A wave of shock flowed over me. The brunt of his words was nothing to the simple fact that, as he spoke them, so openly and honestly, I saw the first tears from him that I'd ever seen. He smiled, even though the tears swept down his face. I scooted up closer to him, wrapping my arms beneath and around him.
"I love you," I said. I had not spoken those words to any man before. Even Thorne. He squeezed me tight and cleared his throat of the teary choke before whispering in my ear.
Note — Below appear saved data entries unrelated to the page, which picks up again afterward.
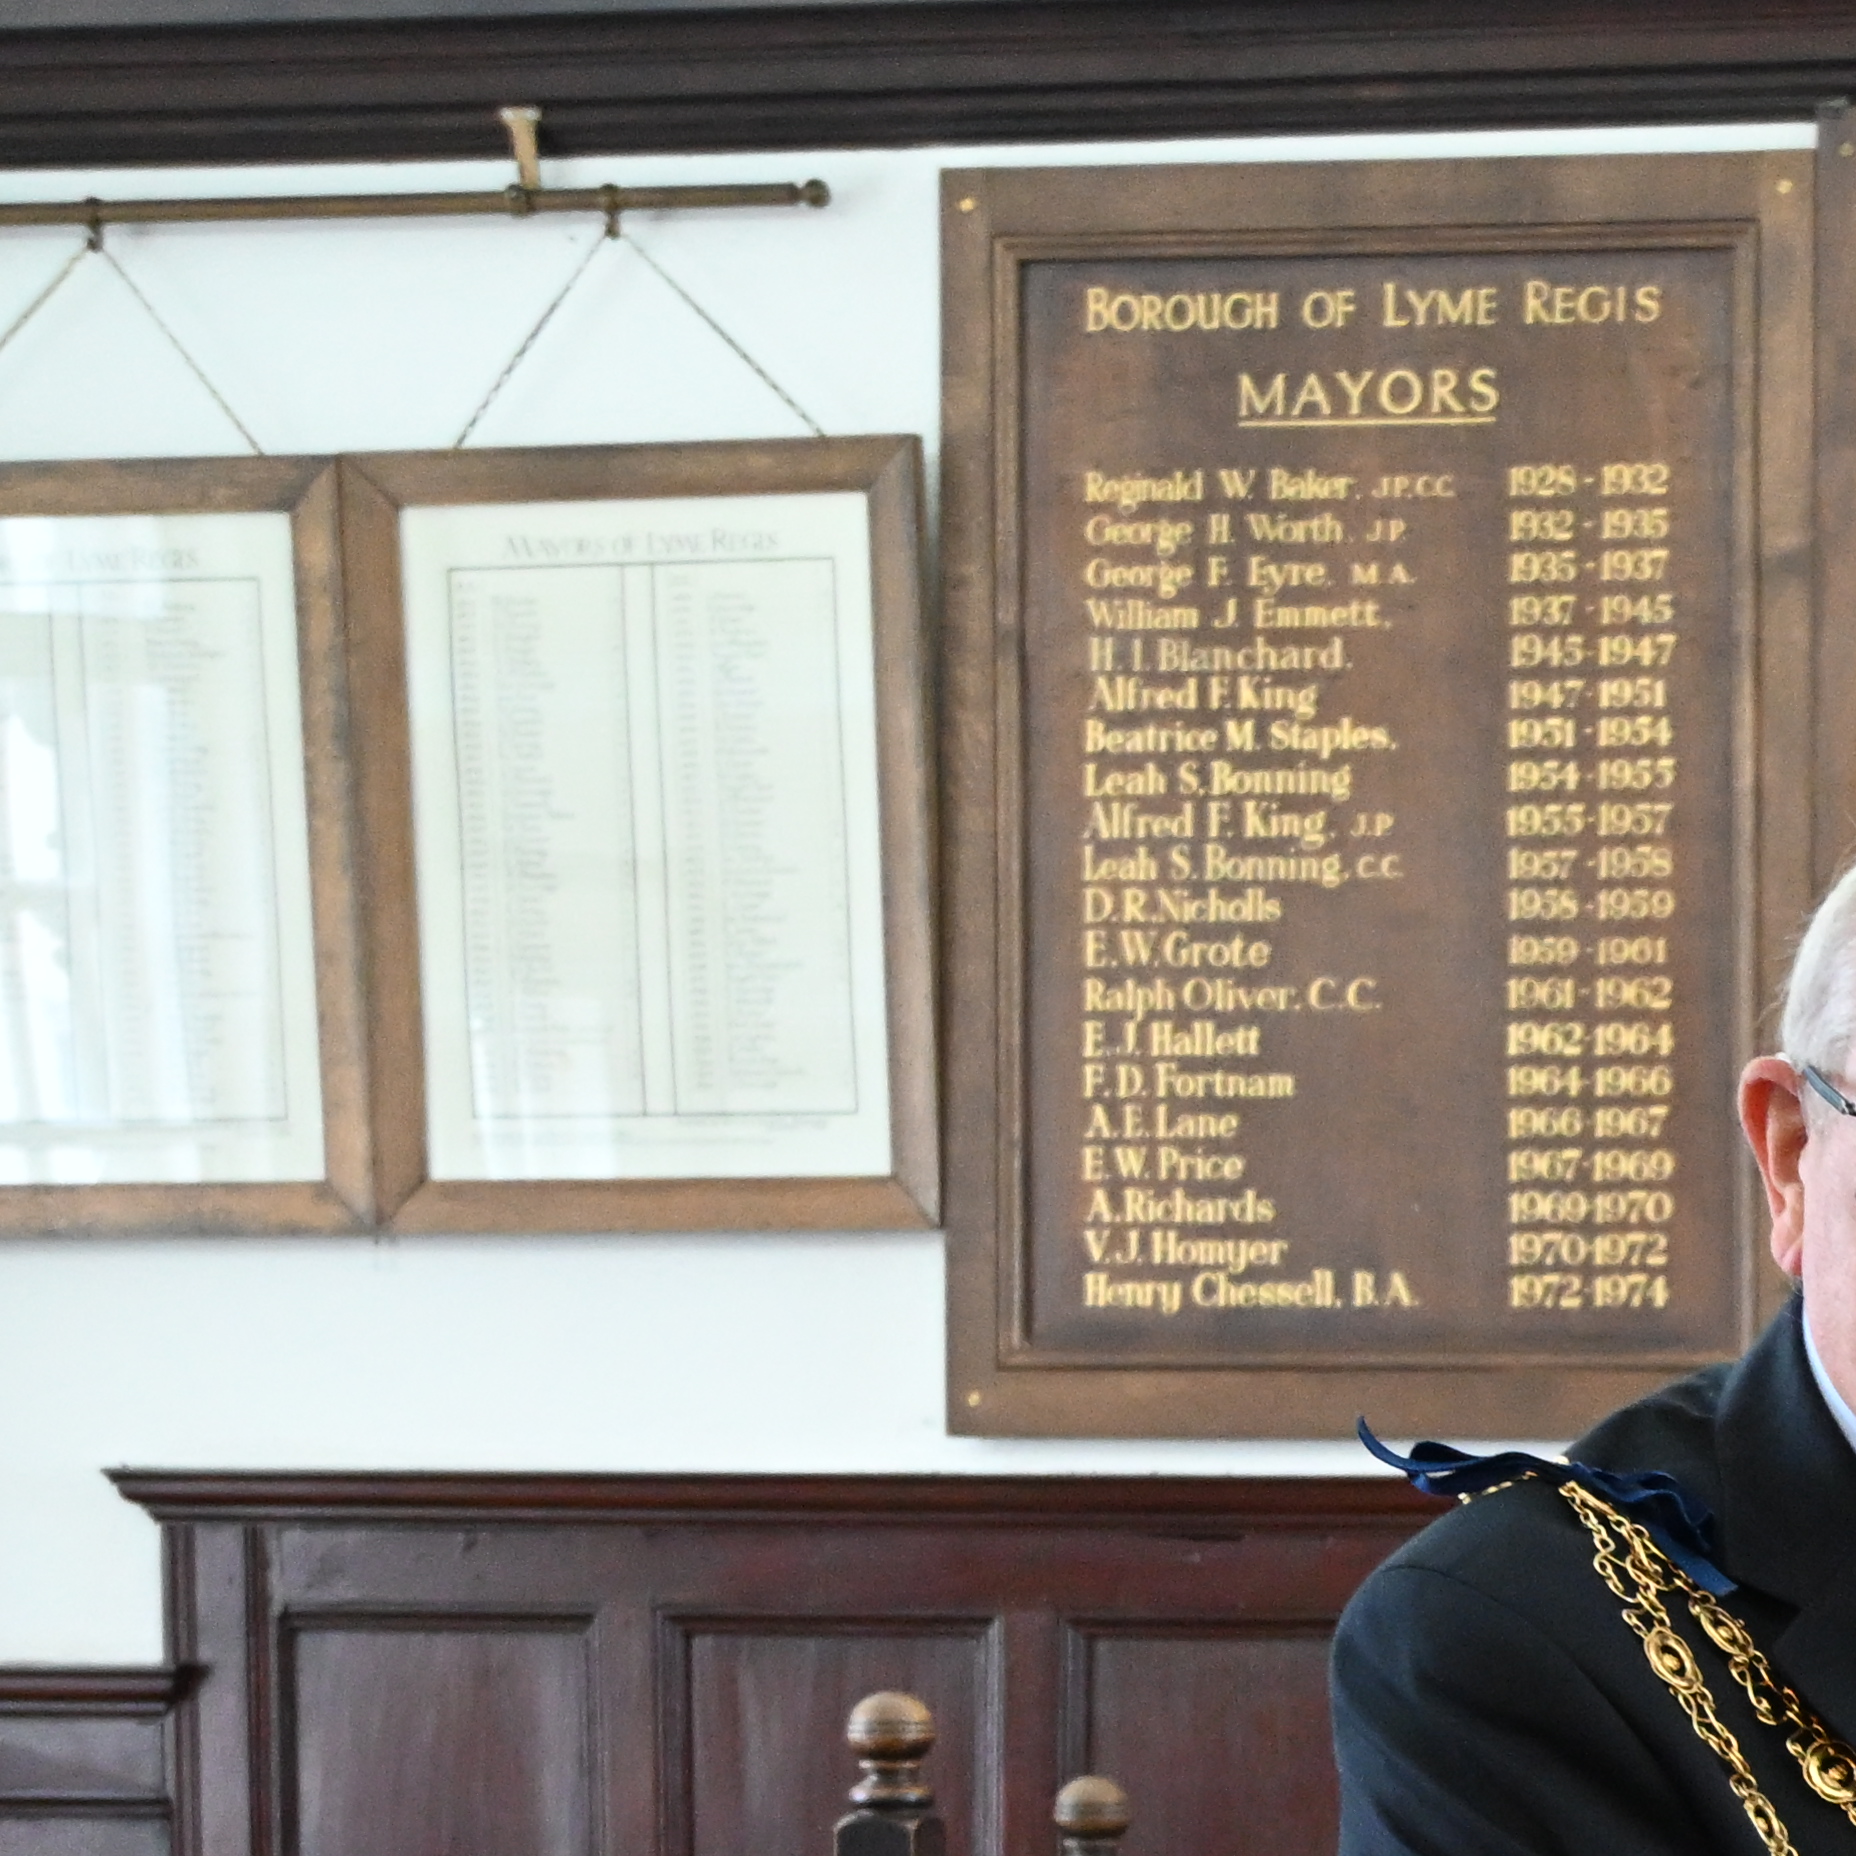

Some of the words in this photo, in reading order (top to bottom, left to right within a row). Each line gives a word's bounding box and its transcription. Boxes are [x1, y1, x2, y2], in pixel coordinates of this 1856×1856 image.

[1085, 287, 1278, 333] BOROUGH
[1303, 289, 1356, 327] OF
[1383, 284, 1496, 328] LYME
[1524, 282, 1660, 326] REGIS
[1238, 367, 1498, 418] MAYORS
[1085, 469, 1203, 516] Reginald
[1084, 514, 1193, 556] George
[1085, 557, 1193, 598] George
[1087, 598, 1198, 630] William
[1088, 676, 1197, 711] Alfred
[1237, 674, 1318, 720] King
[1085, 718, 1217, 753] Beatrice
[1084, 761, 1167, 797] Leah
[1210, 759, 1350, 801] Bonning
[1082, 802, 1193, 839] Alfred
[1082, 844, 1158, 881] Leah
[1083, 977, 1175, 1022] Ralph
[1083, 1271, 1182, 1317] Henry
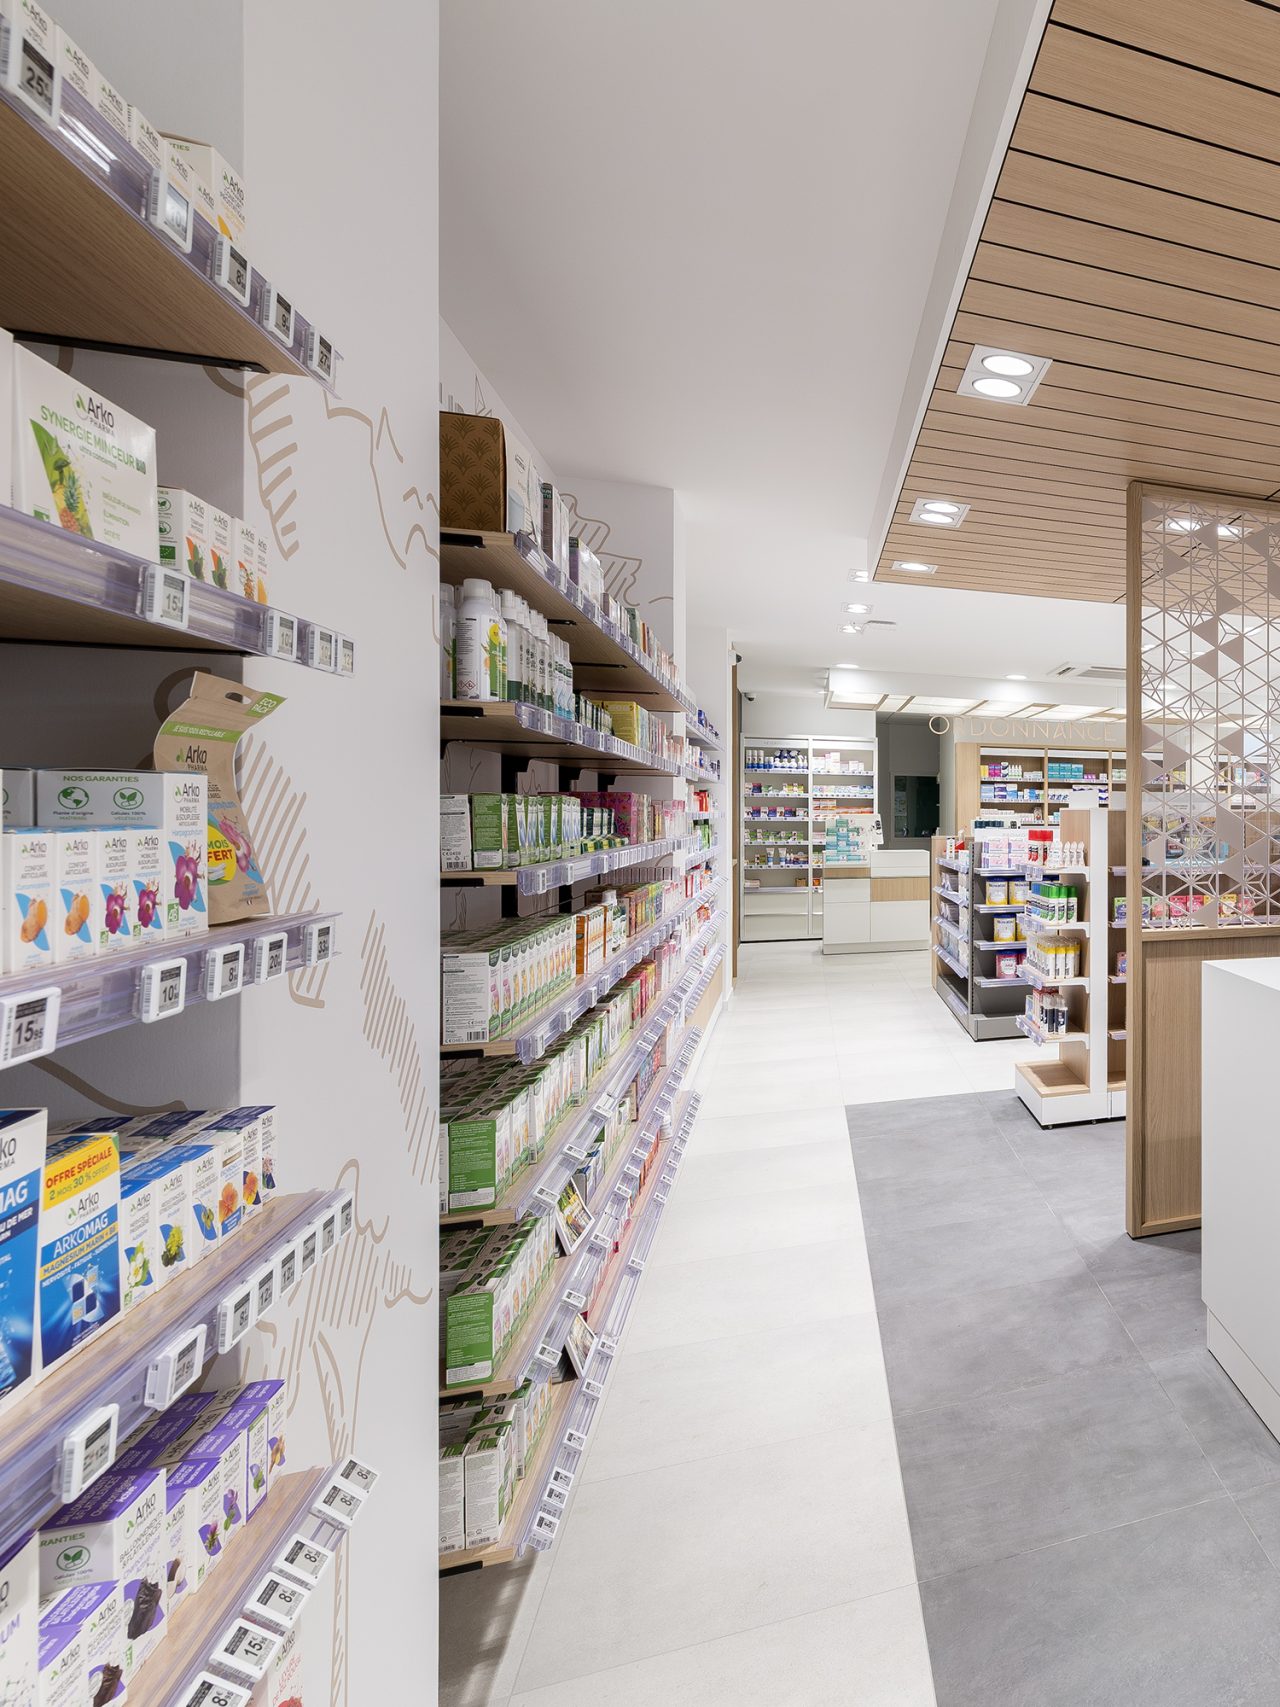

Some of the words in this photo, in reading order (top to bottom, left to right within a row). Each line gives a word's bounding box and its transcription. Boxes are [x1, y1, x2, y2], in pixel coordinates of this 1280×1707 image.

[88, 397, 114, 428] Arko
[40, 405, 94, 446] SYNERGIE
[94, 435, 135, 468] MINCEUR
[259, 697, 277, 708] ECO
[928, 713, 1117, 742] ORDONNANCE
[185, 745, 208, 764] Arko
[86, 775, 139, 783] GARANTIES
[182, 783, 200, 798] Arko
[29, 840, 48, 853] Arko
[73, 840, 89, 852] Arko
[112, 838, 127, 849] Arko
[143, 835, 160, 848] Arko
[207, 839, 229, 850] MOIS
[45, 1164, 76, 1189] OFFRE
[77, 1146, 112, 1175] SPÉCIALE
[73, 1175, 84, 1190] 30
[78, 1191, 100, 1212] Arko
[53, 1213, 109, 1259] ARKOMAG
[135, 1493, 157, 1520] Arko
"'I have led her home, my love, my only friend, there is none like her, none.'"
"What is that?"
"Alfred, Lord Tennyson. He wrote those words. Yet, I believe undeniably that he wrote them so that I could speak them to you. I love you, Paris. Somehow, I think I always have."
CHAPTER 61
1975, THE CITADEL, AGE 98
P eppered among the bouts of separation due to various separate assignments, I spent the next ten years spending as much time as possible getting to know Garrett better. I also ended up growing to trust him like I'd never trusted another. I thought back over the past century and tried to remember some moment, some action from him that would provide any little reason for not giving in fully to the emotions that had now consumed me.